# Task to complete:
Transcribe the data exactly, omitting whatever pictures it holds.

# Records supplied:

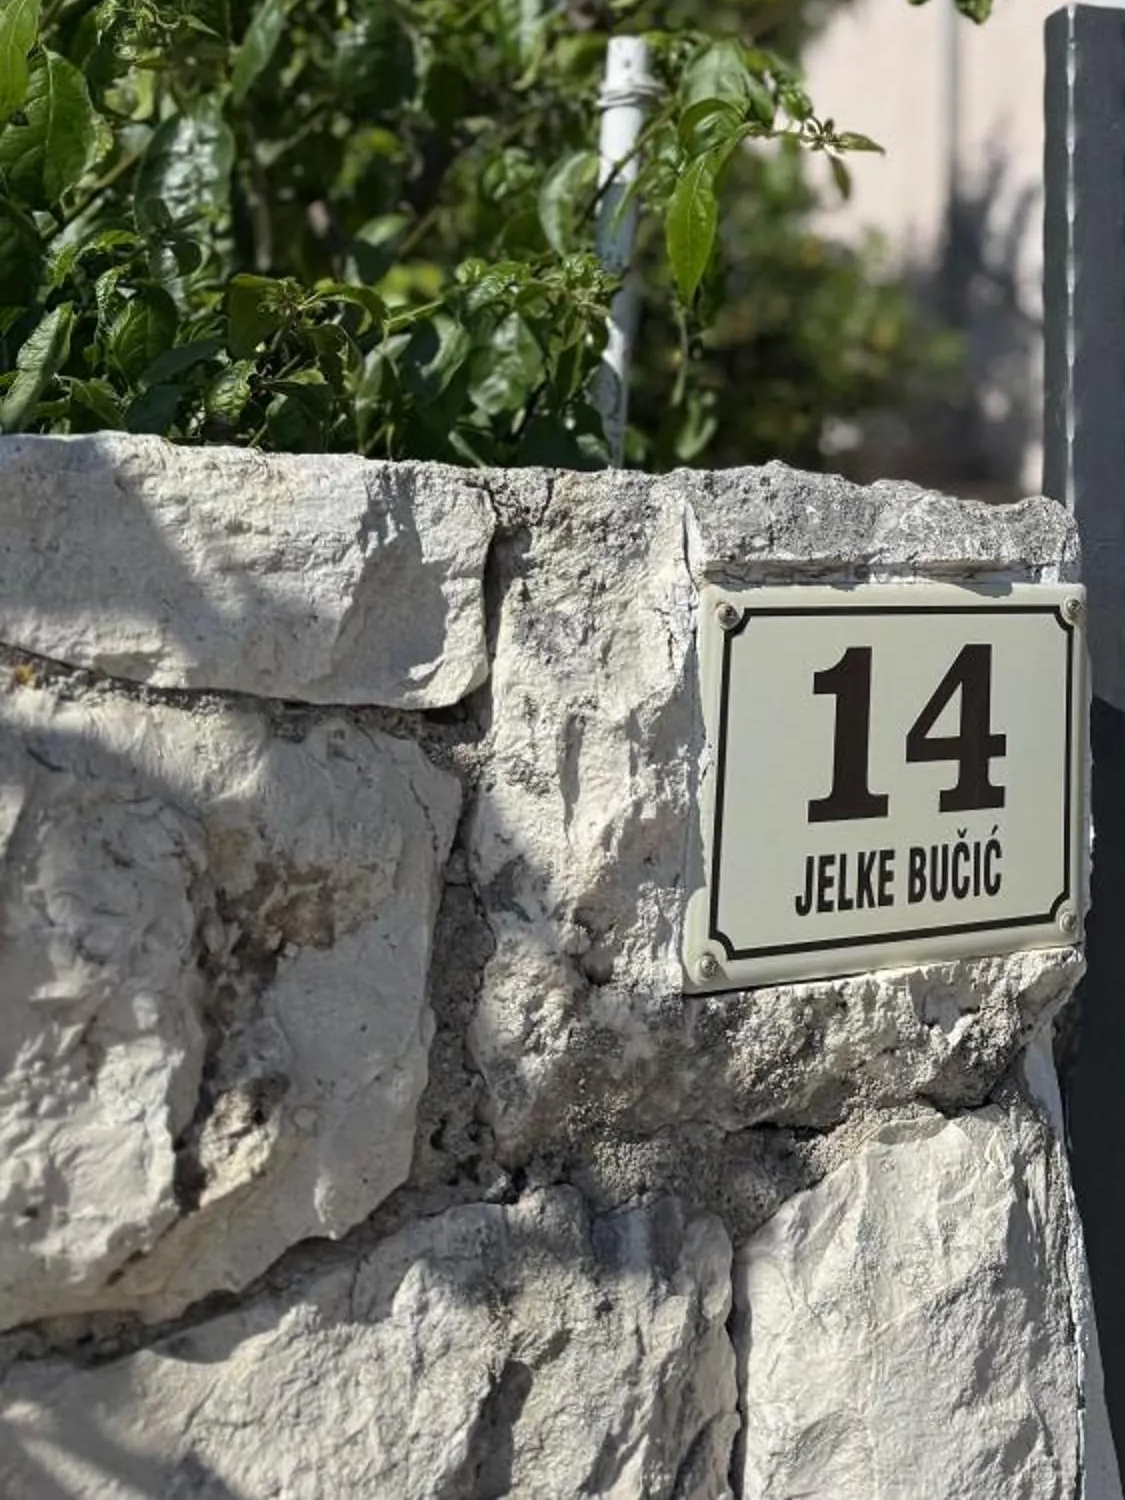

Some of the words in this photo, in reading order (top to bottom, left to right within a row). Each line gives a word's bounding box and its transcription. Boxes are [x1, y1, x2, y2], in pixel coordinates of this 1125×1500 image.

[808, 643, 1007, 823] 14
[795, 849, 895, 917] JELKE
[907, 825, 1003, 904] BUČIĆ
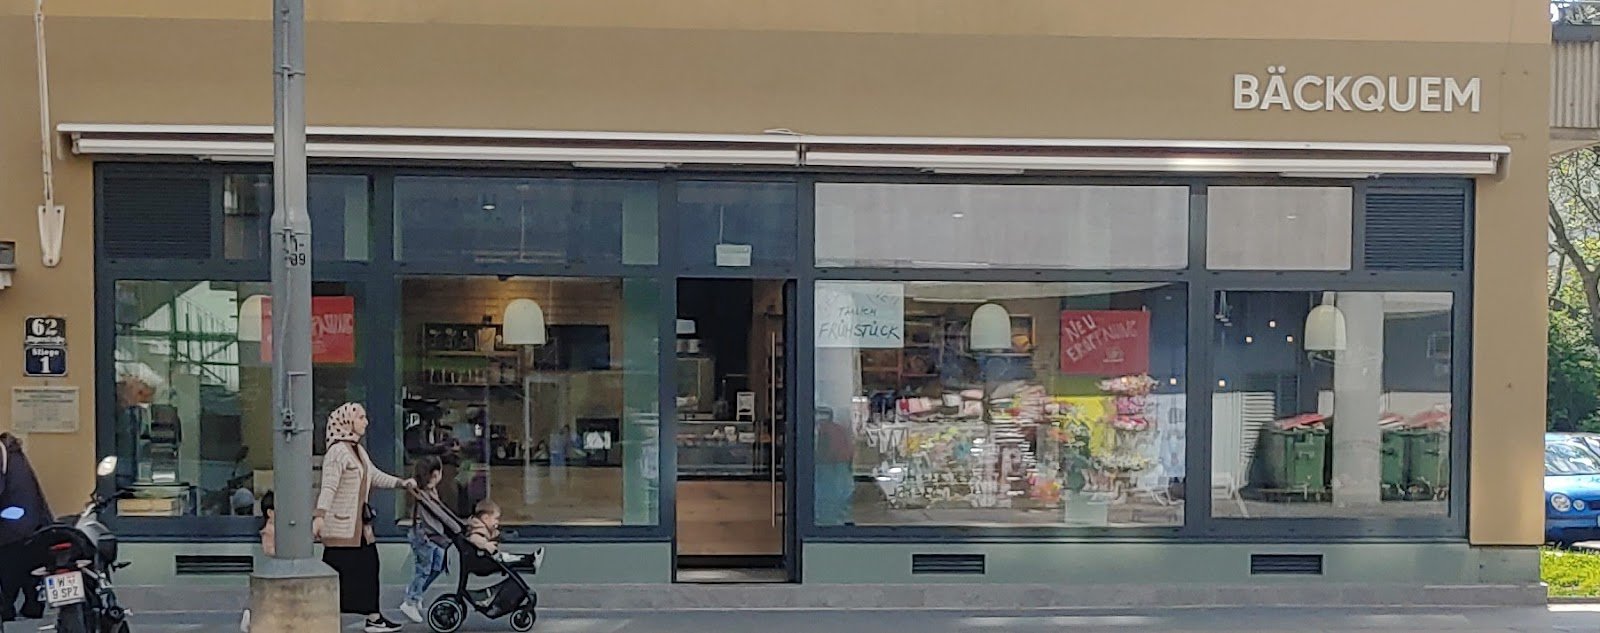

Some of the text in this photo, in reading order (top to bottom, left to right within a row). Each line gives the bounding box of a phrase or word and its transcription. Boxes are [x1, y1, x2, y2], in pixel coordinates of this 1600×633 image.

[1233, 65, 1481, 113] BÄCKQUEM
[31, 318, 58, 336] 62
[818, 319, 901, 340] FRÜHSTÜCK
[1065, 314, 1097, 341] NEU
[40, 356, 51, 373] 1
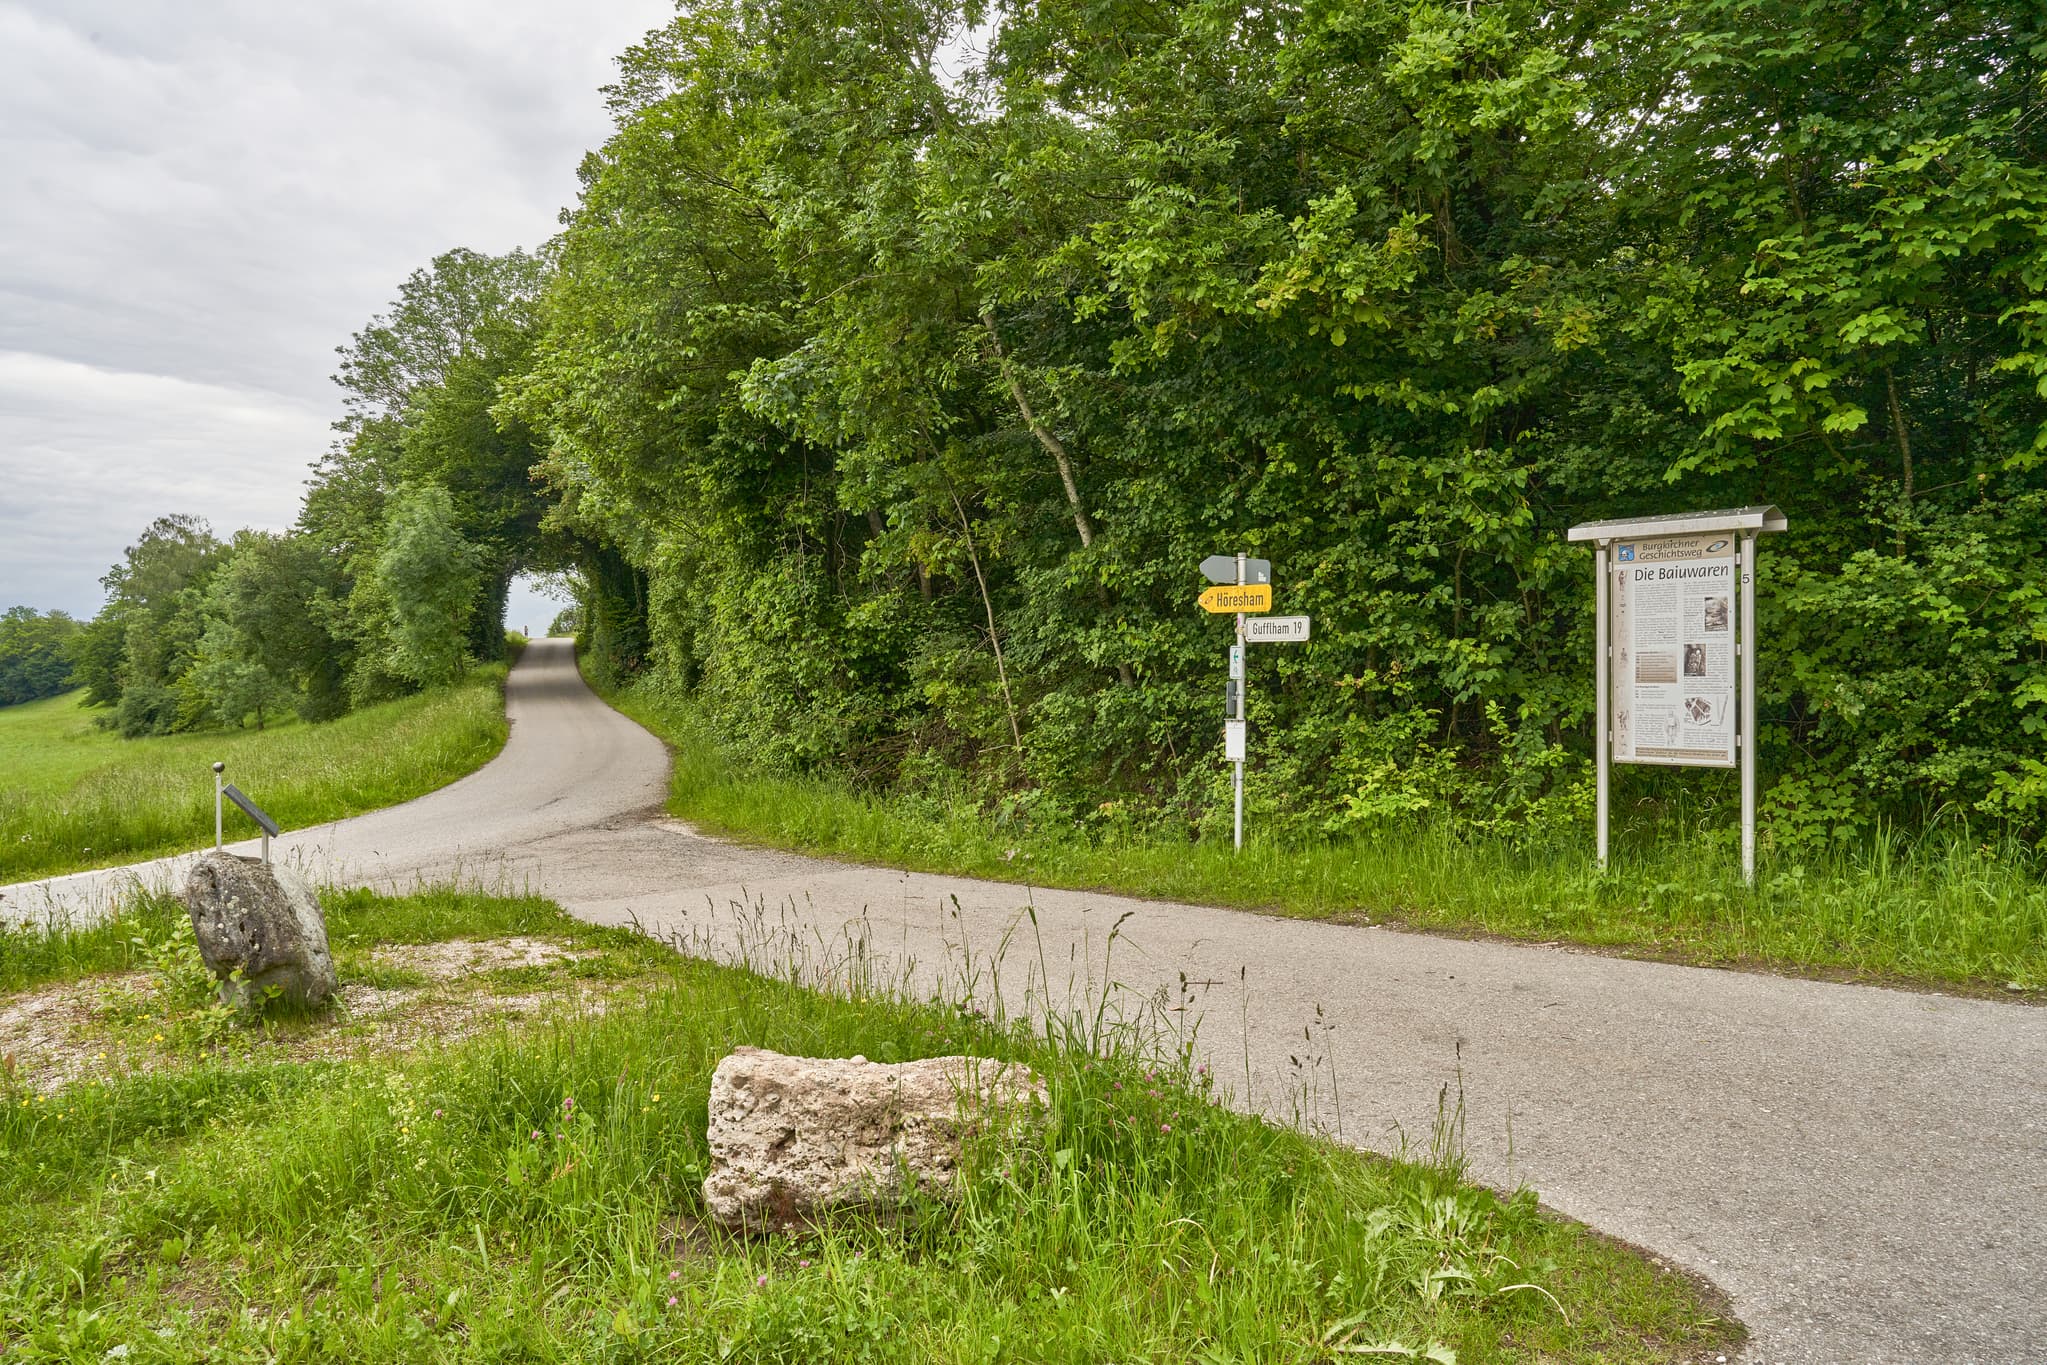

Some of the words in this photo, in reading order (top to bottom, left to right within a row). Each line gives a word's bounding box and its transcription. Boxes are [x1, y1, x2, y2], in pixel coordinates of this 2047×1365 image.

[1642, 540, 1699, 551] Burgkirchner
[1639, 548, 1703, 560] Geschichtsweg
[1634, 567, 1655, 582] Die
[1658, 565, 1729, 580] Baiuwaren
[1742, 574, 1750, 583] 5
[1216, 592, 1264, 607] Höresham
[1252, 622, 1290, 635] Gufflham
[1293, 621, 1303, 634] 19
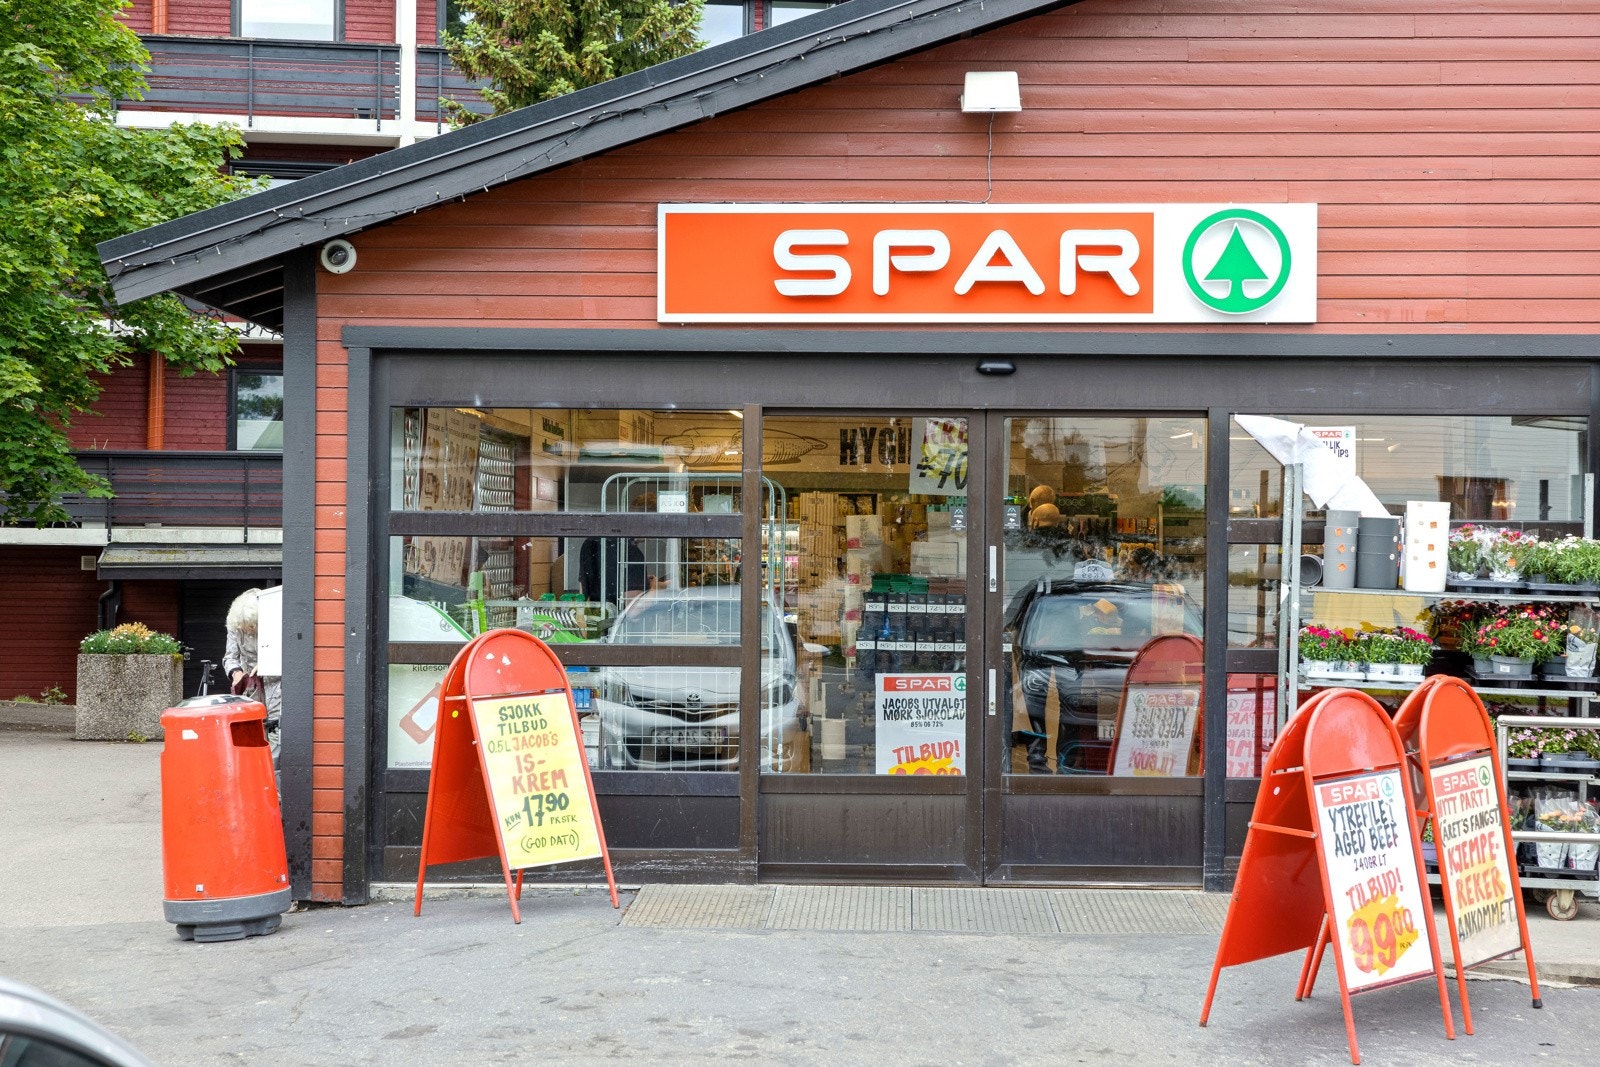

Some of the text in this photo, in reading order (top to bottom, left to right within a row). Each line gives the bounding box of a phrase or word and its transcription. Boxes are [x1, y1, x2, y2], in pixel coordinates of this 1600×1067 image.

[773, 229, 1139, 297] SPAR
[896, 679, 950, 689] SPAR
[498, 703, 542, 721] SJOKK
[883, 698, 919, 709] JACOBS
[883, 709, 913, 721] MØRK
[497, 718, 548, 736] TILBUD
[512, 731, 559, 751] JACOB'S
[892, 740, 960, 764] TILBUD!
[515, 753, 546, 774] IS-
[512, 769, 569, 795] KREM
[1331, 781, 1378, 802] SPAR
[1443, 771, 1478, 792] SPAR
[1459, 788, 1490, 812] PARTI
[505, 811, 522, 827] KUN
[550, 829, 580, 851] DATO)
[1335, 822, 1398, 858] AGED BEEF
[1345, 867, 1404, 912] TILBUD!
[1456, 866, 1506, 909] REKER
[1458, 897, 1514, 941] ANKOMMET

# Output:
Some of the words in this photo, in reading order (top to bottom, left to right within a row). Each line gives a word's bounding box and its transcription. Boxes are [x1, y1, x2, y2], in pixel coordinates of this 1125×1500 image.

[808, 643, 1007, 823] 14
[795, 849, 895, 917] JELKE
[907, 825, 1003, 904] BUČIĆ

Some of the text in this photo, in reading order (top to bottom, left to right within a row). Each line gives the bounding box of a phrase or word and its transcription. Boxes are [x1, y1, x2, y2], in pixel coordinates of this 1600×633 image.

[1233, 65, 1481, 113] BÄCKQUEM
[31, 318, 58, 336] 62
[818, 319, 901, 340] FRÜHSTÜCK
[1065, 314, 1097, 341] NEU
[40, 356, 51, 373] 1

Some of the words in this photo, in reading order (top to bottom, left to right within a row). Each line gives a word's bounding box and its transcription. Boxes are [x1, y1, x2, y2], in pixel coordinates of this 2047×1365 image.

[1642, 540, 1699, 551] Burgkirchner
[1639, 548, 1703, 560] Geschichtsweg
[1634, 567, 1655, 582] Die
[1658, 565, 1729, 580] Baiuwaren
[1742, 574, 1750, 583] 5
[1216, 592, 1264, 607] Höresham
[1252, 622, 1290, 635] Gufflham
[1293, 621, 1303, 634] 19

Some of the text in this photo, in reading order (top to bottom, left to right within a row). Each line gives the bounding box of a phrase or word and its transcription. Boxes are [x1, y1, x2, y2], in pixel coordinates of this 1600×1067 image.

[773, 229, 1139, 297] SPAR
[896, 679, 950, 689] SPAR
[498, 703, 542, 721] SJOKK
[883, 698, 919, 709] JACOBS
[883, 709, 913, 721] MØRK
[497, 718, 548, 736] TILBUD
[512, 731, 559, 751] JACOB'S
[892, 740, 960, 764] TILBUD!
[515, 753, 546, 774] IS-
[512, 769, 569, 795] KREM
[1331, 781, 1378, 802] SPAR
[1443, 771, 1478, 792] SPAR
[1459, 788, 1490, 812] PARTI
[505, 811, 522, 827] KUN
[550, 829, 580, 851] DATO)
[1335, 822, 1398, 858] AGED BEEF
[1345, 867, 1404, 912] TILBUD!
[1456, 866, 1506, 909] REKER
[1458, 897, 1514, 941] ANKOMMET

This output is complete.